▸ **DATASET EXCERPTS**
────
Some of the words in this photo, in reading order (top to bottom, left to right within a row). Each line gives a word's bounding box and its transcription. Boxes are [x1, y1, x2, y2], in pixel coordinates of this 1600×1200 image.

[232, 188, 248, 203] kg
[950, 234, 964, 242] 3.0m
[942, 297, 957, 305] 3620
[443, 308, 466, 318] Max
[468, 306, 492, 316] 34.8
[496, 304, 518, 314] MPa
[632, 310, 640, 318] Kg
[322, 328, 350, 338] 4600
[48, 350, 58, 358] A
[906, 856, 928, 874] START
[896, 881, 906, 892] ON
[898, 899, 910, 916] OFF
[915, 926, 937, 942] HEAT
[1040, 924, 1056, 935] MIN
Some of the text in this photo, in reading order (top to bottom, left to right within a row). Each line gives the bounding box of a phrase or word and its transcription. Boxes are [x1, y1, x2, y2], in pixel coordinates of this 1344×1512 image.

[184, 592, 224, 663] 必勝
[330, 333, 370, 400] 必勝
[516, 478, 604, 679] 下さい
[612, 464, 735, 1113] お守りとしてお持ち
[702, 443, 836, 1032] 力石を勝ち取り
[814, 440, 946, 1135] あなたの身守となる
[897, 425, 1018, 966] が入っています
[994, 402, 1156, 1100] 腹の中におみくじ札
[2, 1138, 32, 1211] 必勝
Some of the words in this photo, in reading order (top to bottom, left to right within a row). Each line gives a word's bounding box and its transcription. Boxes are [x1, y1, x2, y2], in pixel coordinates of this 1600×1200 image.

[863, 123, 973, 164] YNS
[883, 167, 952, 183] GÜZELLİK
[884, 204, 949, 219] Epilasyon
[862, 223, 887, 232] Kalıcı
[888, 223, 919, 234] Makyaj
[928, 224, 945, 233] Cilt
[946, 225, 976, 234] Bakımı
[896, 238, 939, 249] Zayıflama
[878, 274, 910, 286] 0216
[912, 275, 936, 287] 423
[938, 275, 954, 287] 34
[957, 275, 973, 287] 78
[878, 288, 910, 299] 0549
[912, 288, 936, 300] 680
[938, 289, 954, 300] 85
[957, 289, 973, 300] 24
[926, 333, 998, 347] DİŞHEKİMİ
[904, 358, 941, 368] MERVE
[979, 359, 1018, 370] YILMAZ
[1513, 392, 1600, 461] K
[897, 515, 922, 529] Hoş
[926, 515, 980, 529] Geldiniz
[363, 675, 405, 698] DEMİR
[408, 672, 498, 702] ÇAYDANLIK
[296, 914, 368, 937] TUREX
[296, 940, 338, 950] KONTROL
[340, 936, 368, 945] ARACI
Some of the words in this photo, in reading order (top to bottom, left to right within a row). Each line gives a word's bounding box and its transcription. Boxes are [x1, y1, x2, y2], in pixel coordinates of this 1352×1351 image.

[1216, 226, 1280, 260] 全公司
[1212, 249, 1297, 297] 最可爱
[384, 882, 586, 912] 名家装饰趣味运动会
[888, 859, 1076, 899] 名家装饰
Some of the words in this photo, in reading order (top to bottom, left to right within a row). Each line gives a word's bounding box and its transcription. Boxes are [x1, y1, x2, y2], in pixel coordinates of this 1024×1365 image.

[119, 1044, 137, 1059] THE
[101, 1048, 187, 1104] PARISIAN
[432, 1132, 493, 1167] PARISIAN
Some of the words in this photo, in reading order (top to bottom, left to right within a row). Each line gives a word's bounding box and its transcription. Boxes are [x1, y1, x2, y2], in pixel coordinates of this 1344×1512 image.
────
▸ **TASK DESCRIPTION**
With both ends included, please retype exactly the lines from the line containing "this 1024×1365 image." to the final line of the data.

▸ **YOUR RESPONSE**
Some of the words in this photo, in reading order (top to bottom, left to right within a row). Each line gives a word's bounding box and its transcription. Boxes are [x1, y1, x2, y2], in pixel coordinates of this 1024×1365 image.

[119, 1044, 137, 1059] THE
[101, 1048, 187, 1104] PARISIAN
[432, 1132, 493, 1167] PARISIAN
Some of the words in this photo, in reading order (top to bottom, left to right within a row). Each line gives a word's bounding box and its transcription. Boxes are [x1, y1, x2, y2], in pixel coordinates of this 1344×1512 image.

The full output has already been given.